Before learning how to perform binary search in the string, please go through these tutorials:

Binary search

Binary search is one of the most popular algorithms which searches a key in a sorted range in logarithmic time complexity.

Binary search in string

Earlier in this article, we saw that we can use binary search to find a key in a sorted range. We discussed based on integer element. In this article, we are going to discuss based on a sorted list of strings.

The idea is exactly similar, the similar the only difference is the data type which is string now to represent the words and the sorted list of words is known as a dictionary.

Example

The sorted list of words be:
["bad", "blog", "coder", "coding", "includehelp", "india"]

And, the key to be searched is: "dog" 
then answer would be "Not Found"

If the key to be searched is "coding" 
then index at where the word found is : 3 (0-based)
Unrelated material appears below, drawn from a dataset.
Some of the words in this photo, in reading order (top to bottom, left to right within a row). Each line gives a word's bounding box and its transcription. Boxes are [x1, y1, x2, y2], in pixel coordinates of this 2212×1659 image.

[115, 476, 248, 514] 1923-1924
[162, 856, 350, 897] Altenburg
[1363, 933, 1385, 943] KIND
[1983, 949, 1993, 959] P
We know that binary search works on a method that finds a pivot and then compares the pivot element with the key and based on the comparison result it continues to search either in the left half or in the right half only and ultimately terminates.

How string comparison works?

So the thing is how string comparison works?
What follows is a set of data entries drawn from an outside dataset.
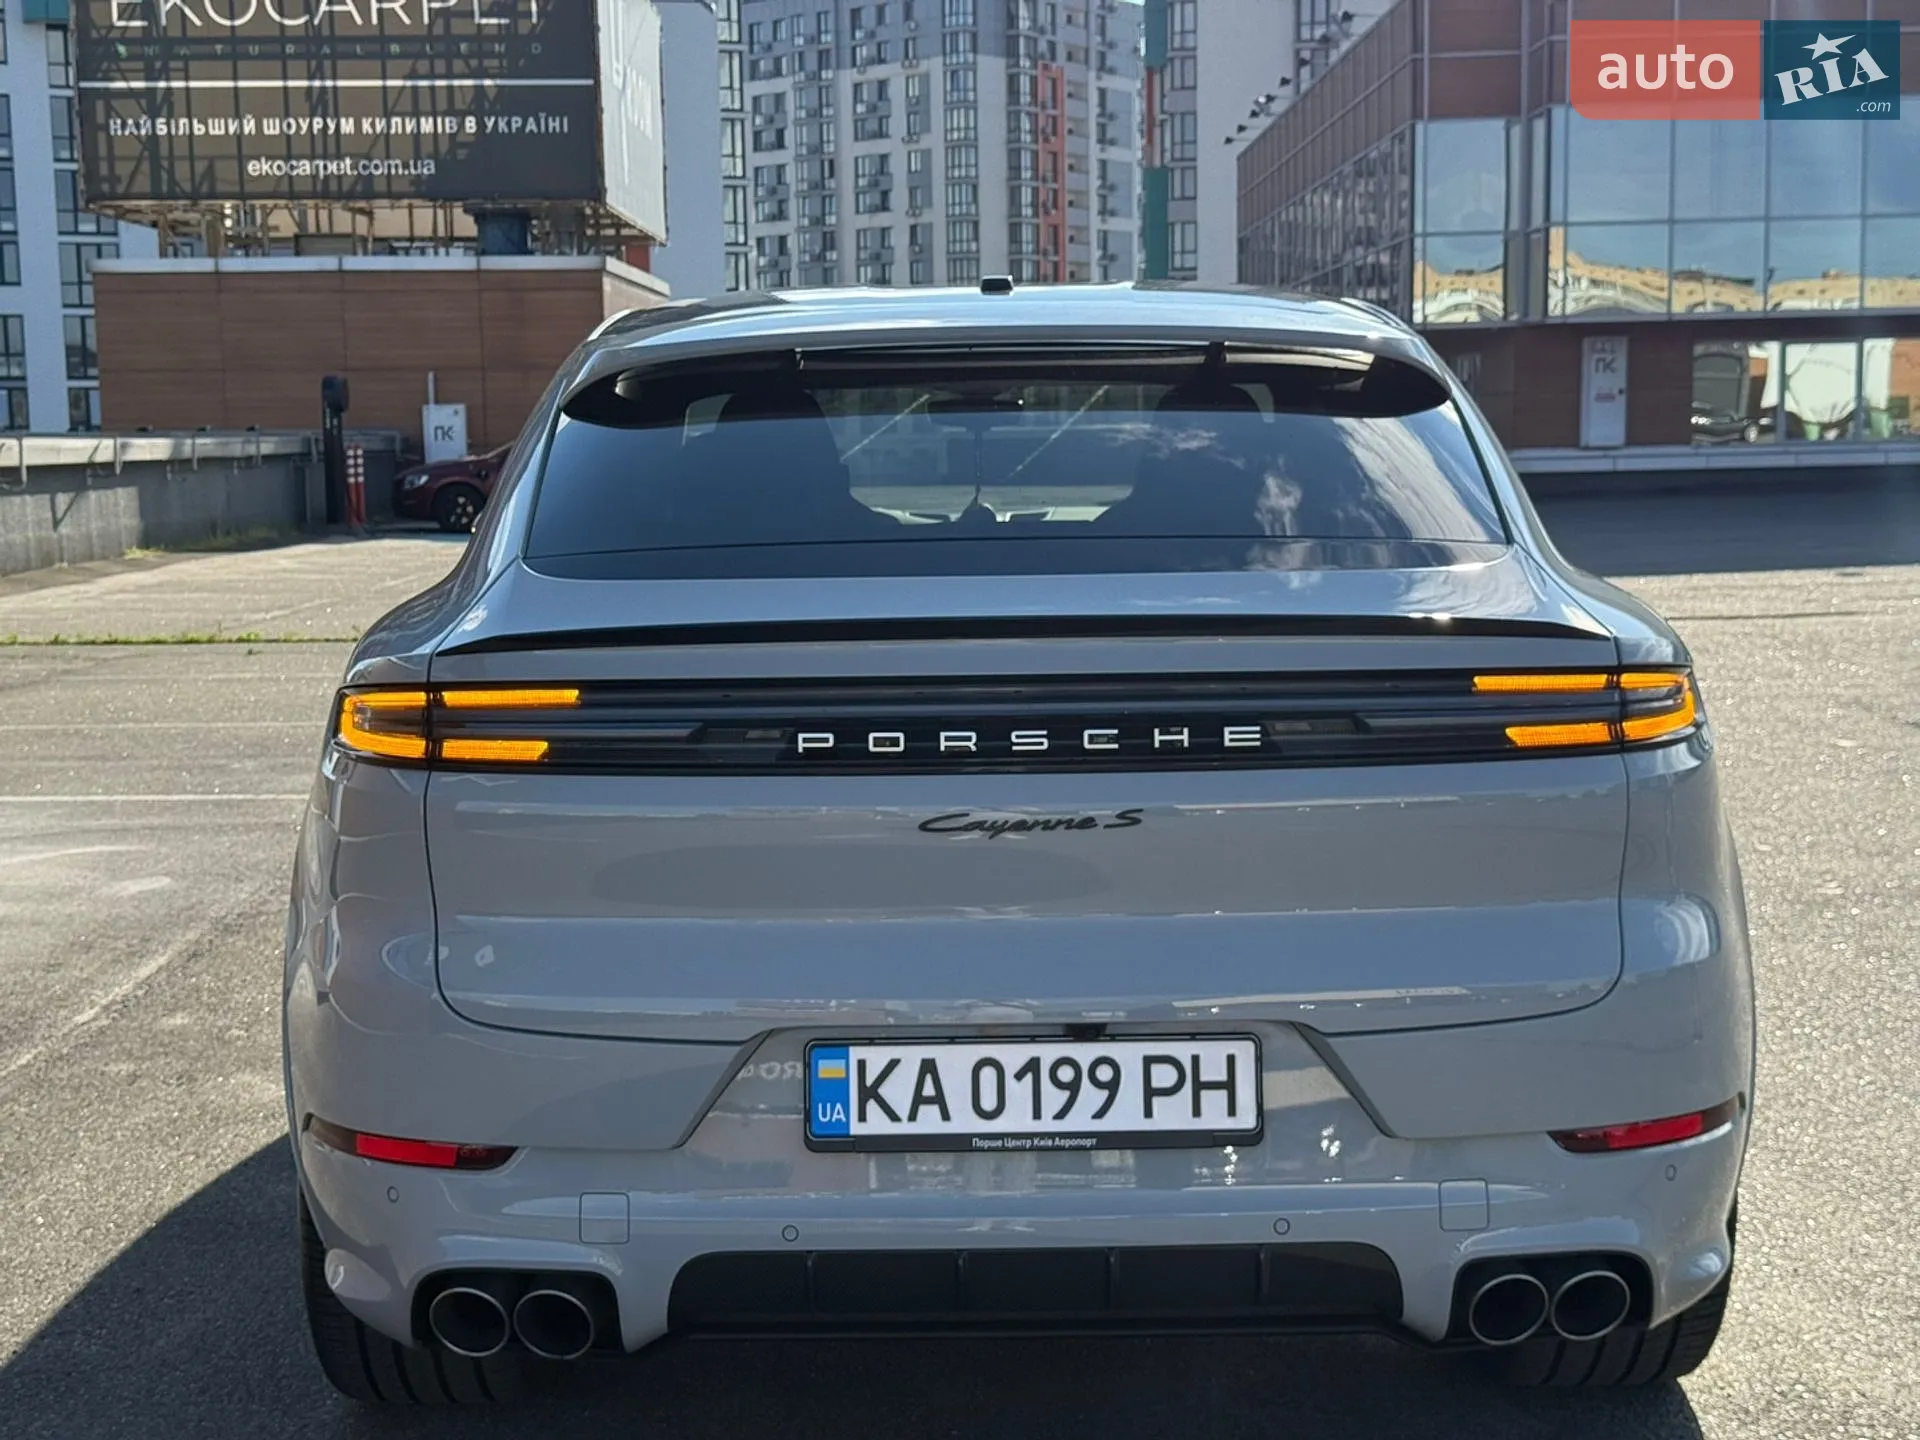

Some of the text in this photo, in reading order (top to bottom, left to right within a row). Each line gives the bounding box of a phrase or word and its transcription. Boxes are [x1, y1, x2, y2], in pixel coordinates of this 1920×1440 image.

[109, 112, 568, 136] НАЙБІЛЬШИЙ ШОУРУМ КИЛИМІВ В УКРАЇНІ
[247, 156, 436, 179] ekocarpet.com.ua
[798, 726, 1262, 752] PORSCHE
[918, 808, 1144, 840] Cayenne S
[856, 1053, 1237, 1123] KA 0199 PH
[818, 1102, 846, 1123] UA
[972, 1137, 1002, 1149] Порше
[1004, 1136, 1032, 1148] Центр
[1054, 1136, 1097, 1148] Аеропорт
Say we have two string a and string b. How to decide which string is greater and which one is lesser. To compare strings we use lexicographical ordering. Between two strings a & b, which one has less ASCII valued character at first is counted to be the smaller one. For example, the smaller string between "d" & "abc" is "abc". Another situation can arrive when one string is prefix string of the other, then, of course, the prefix string would be the smaller one. For example, the smaller one between "abc" & "abcd" would be "abc".

Algorithm to search a word in a sorted list of words using a binary search

Below is the detailed algorithm to search a word in a sorted list of words using a binary search.
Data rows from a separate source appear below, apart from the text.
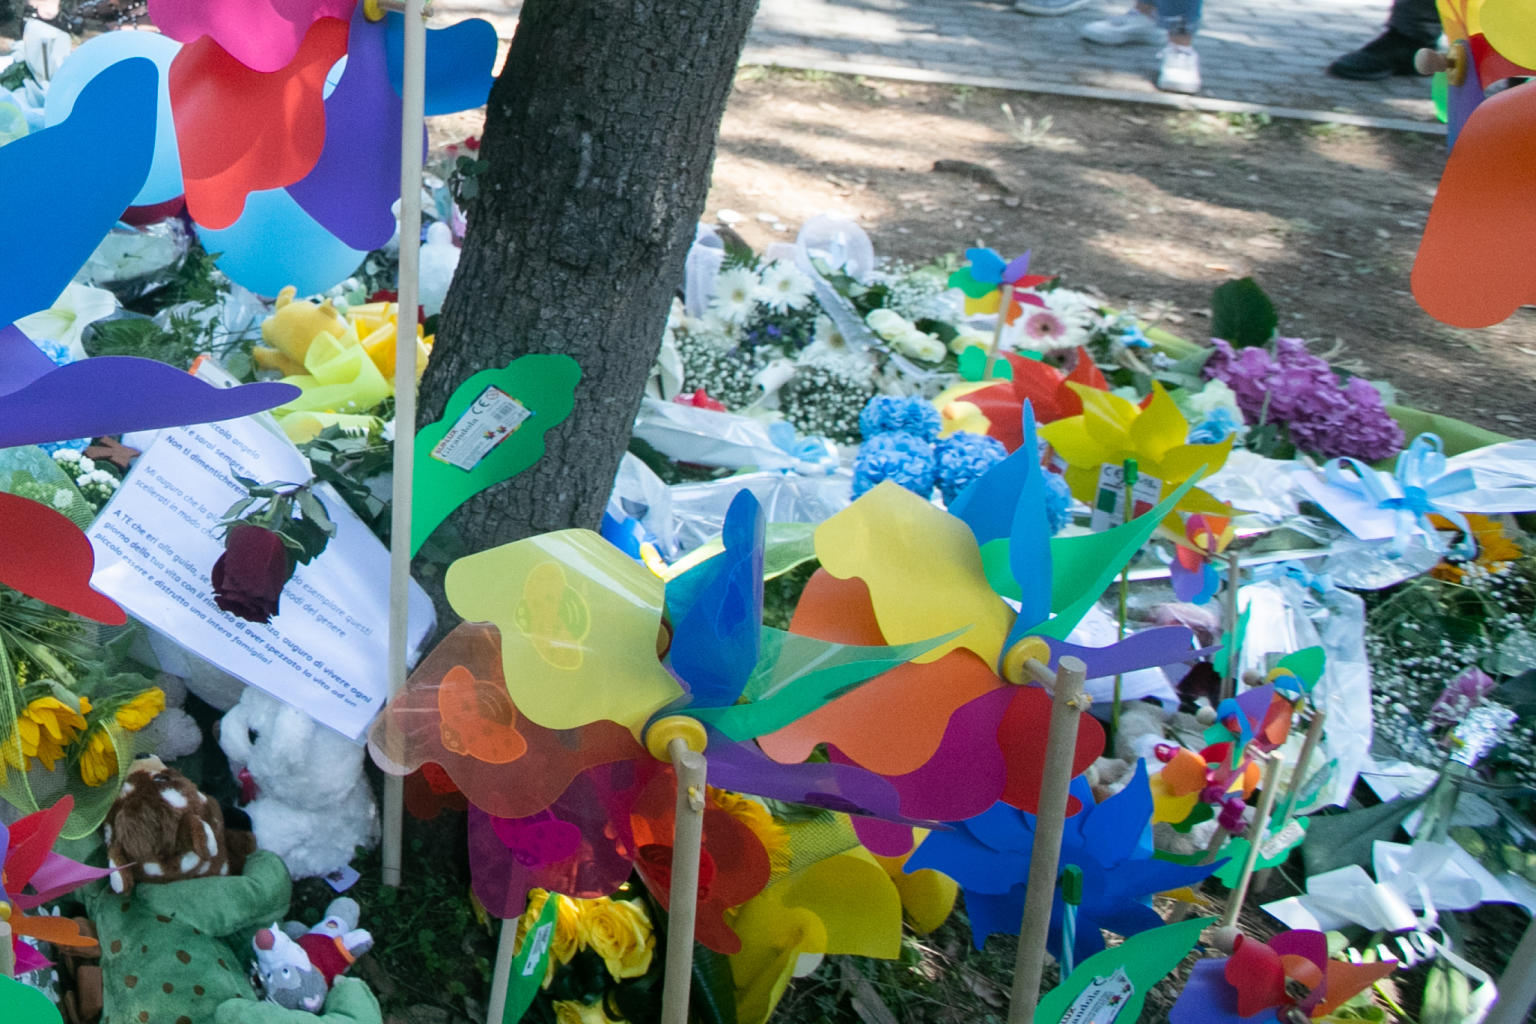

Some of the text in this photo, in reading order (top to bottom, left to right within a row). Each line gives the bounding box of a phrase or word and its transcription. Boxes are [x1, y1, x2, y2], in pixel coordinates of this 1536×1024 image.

[164, 434, 184, 451] Non
[181, 446, 191, 456] ti
[188, 451, 251, 499] dimenticherem
[187, 429, 196, 438] e
[193, 432, 217, 452] sarai
[212, 446, 246, 473] sempre
[230, 435, 261, 461] angelo
[93, 530, 124, 556] piccolo
[120, 553, 149, 578] essere
[146, 573, 156, 582] e
[153, 576, 191, 608] distrutto
[188, 604, 207, 621] una
[205, 615, 233, 639] intera
[230, 633, 272, 667] famiglia!
[102, 520, 131, 544] giorno
[128, 539, 151, 559] della
[149, 554, 166, 570] tua
[163, 566, 182, 583] vita
[179, 578, 197, 595] con
[195, 589, 205, 600] il
[201, 594, 236, 624] rimorso
[234, 618, 246, 631] di
[243, 627, 265, 645] aver
[263, 641, 303, 672] spezzato
[301, 667, 313, 679] la
[311, 675, 331, 691] vita
[330, 687, 345, 700] ad
[112, 507, 372, 705] A TE che eri alla guida, se auguro di vivere ogni
[134, 477, 171, 507] scellerati
[168, 501, 179, 513] in
[176, 507, 202, 530] modo
[301, 601, 318, 617] del
[315, 612, 347, 639] genere
[143, 464, 157, 478] Mi
[154, 473, 184, 498] auguro
[182, 491, 201, 509] che
[196, 502, 209, 515] la
[301, 581, 346, 618] esemplare
[344, 612, 373, 637] questi
If the input list is not sorted we need to sort ourselves, otherwise, the binary search will fail.

Let's work on the above example to describe the binary search:

Wordlist: ["bad", "blog", "coder", "coding", "includehelp", "india"]
key to be searched= "coding"

The basic steps behind the binary search are to first divide the range into two (that's why binary) half based on a pivot. How will we choose the pivot?

We will pick the mid element as our pivot

To find the mid element simple do mid=(left+right)/2 where left is the start index of the current range and right is end index of the current range.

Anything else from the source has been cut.